Corneal Epithelial Autograft for Limbal Dermoid

Corneal Dermoid Clinical Trial

Official title:

A Non-randomized Controlled Clinical Trial of Corneal Epithelial Autograft for Limbal Dermoid

Clinical Trial Details — Status: Recruiting

Administrative data

• NCT number: NCT03217461
• Other study ID #: 2017KYPJ056
• Status: Recruiting
• Phase: N/A
• Start date: July 18, 2017
• Est. completion date: June 30, 2020

Study information

• Verified date: April 2019
• Source: Sun Yat-sen University
• Contact: Yingfeng Zheng, M.D.Ph.D.
• Phone: +8613922286455
• Email: yingfeng.zheng[@]qq.com
• Is FDA regulated: No
• Study type: Interventional

Clinical Trial Summary

The purpose of the study is to explore whether femtosecond laser-assisted corneal epithelial autograft is more effective than femtosecond laser-assisted limbal autograft for ocular surface reconstruction after excision of limbal dermoid.

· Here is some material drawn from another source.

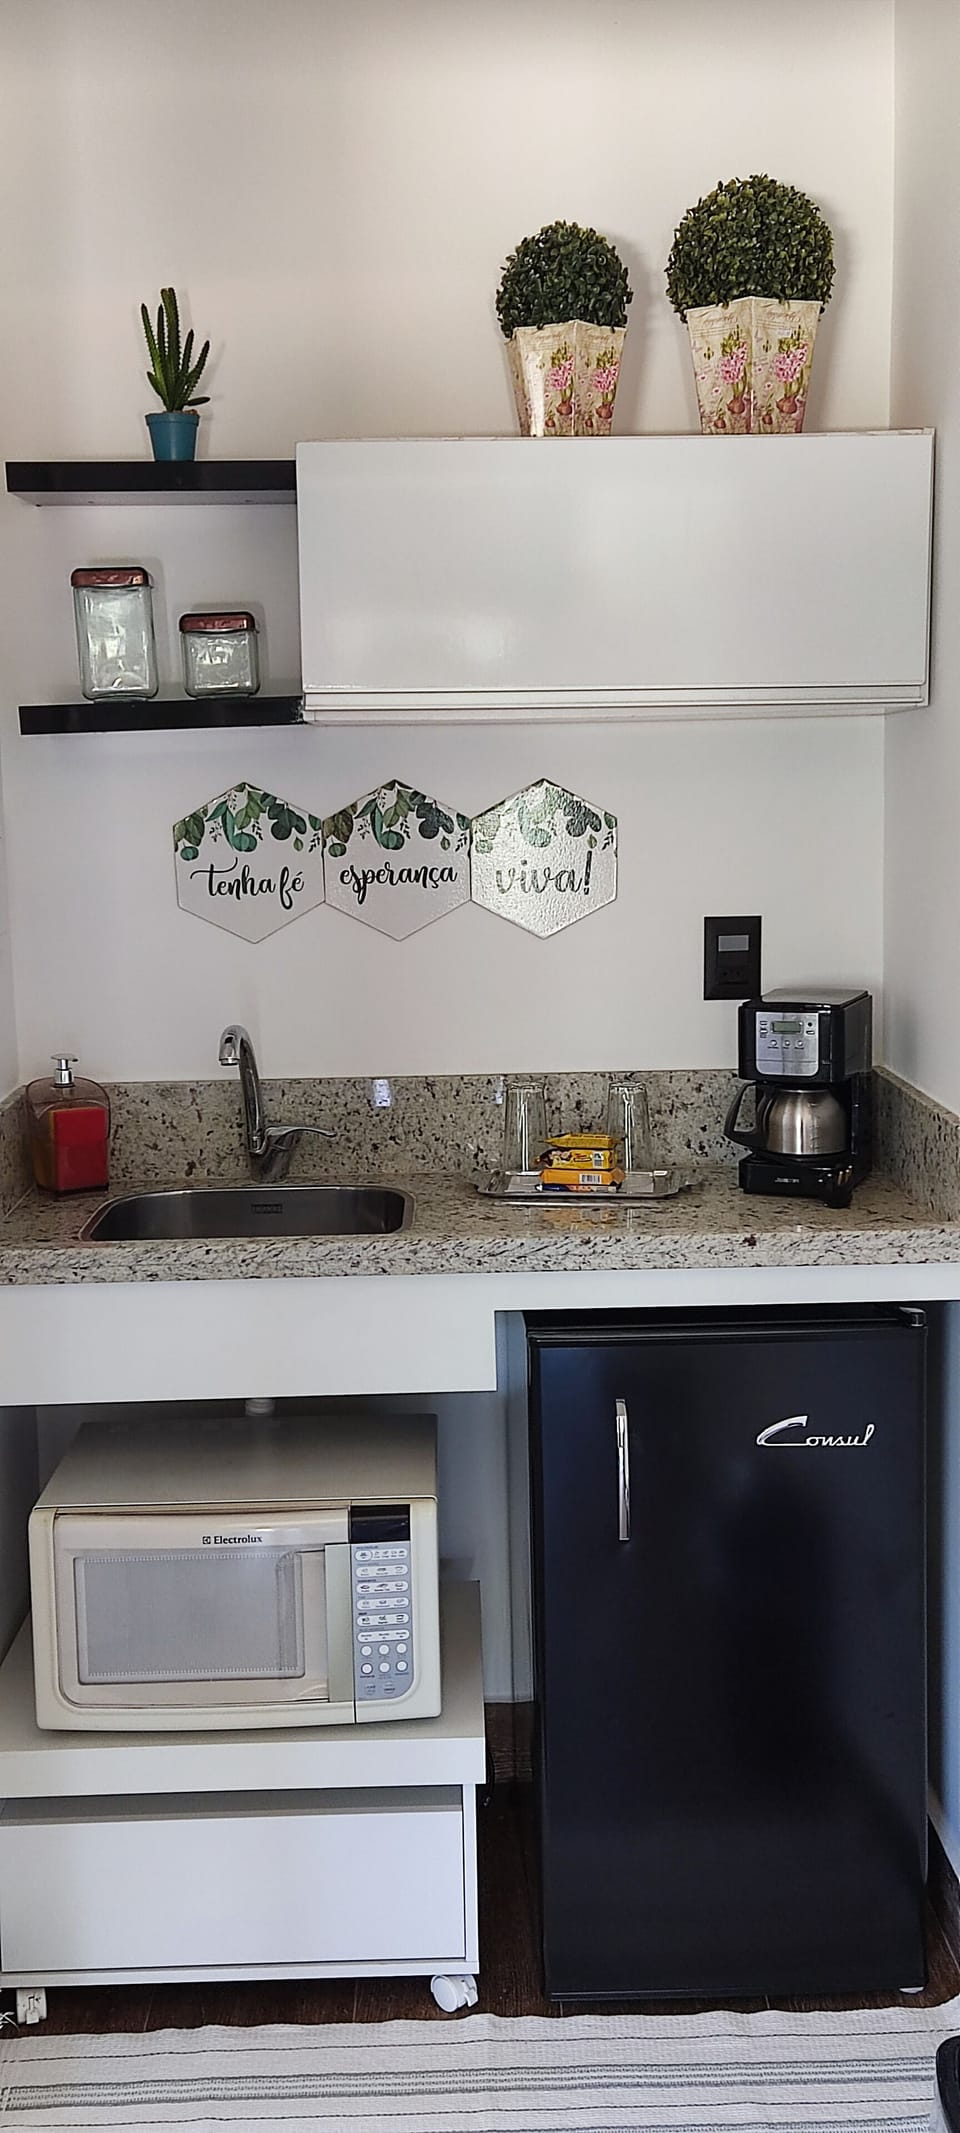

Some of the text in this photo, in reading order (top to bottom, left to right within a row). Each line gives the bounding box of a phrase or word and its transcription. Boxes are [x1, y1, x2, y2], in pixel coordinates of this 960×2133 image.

Recruitment information / eligibility

• Status: Recruiting
• Enrollment: 40
• Est. completion date: June 30, 2020
• Est. primary completion date: December 30, 2019
• Accepts healthy volunteers: No
• Gender: All
• Age group: 1 Year to 30 Years

Eligibility

Inclusion Criteria:

1. Age between 1 to 30 years old;

2. Patients with limbal dermoid, scheduled for elective surgical excision;

3. Superficial lesion ranging from 5 to 9mm, without encroaching the deep stroma layer, as indicated by anterior segment optical coherence tomography images;

4. Informed consent signed by a parent or legal guardian, or having the capability of understanding and signing the informed consent;

5. Being able to comply with study assessments for the full duration of the study.

Exclusion Criteria:

1. Keratoconus;

2. Ocular and facial active inflammation such as keratitis, trachoma, dacryocystitis, blepharitis, meibomian gland dysfunction, Sjogren's syndrome, cicatricial pemphigoid etc;

3. High myopia with a spherical equivalent of -15.0 D or less;

4. Corneal or ocular surface infection within 30 days prior to study entry;

5. Ocular surface malignancy;

6. Uncontrolled diabetes with most recent Hemoglobin A1c greater than 8.5%;

7. Renal failure with creatinine clearance< 25ml/min;

8. Alanine aminotransferase > 40IU/L, or aspartate aminotransferase > 40IU/L;

9. Platelet levels < 150,000 or > 450,000 per microliter;

10. Hemoglobin < 12.0 g/dL (male) or < 11.0 g/dL (female);

11. Prothrombin time > 16s and activated partial thrombin time > 35s in patients not accepting anticoagulant therapy; An international normalized ratio greater than 3 in patients accepting anticoagulant therapy;

12. Pregnancy (positive test) or lactation;

13. Participation in another simultaneous medical investigation or clinical trial;

14. Severe cicatricial eye disease;

15. Ocular comorbidities that affect the prognosis of transplantation, such as advanced glaucoma or retinal diseases;

16. Severe dry eye disease as determined by Schirmer's test < 2mm at least in one eye;

17. Any medical or social condition that in the judgement of the investigator would interfere with or serve as a contraindication to adherence to the study protocol or ability to give informed consent;

18. Signs of current infection, including fever and treatment with antibiotics;

19. Active immunological diseases;

20. History of allo-limbal transplantation, penetrating keratoplasty or anti-glaucoma filtering surgeries.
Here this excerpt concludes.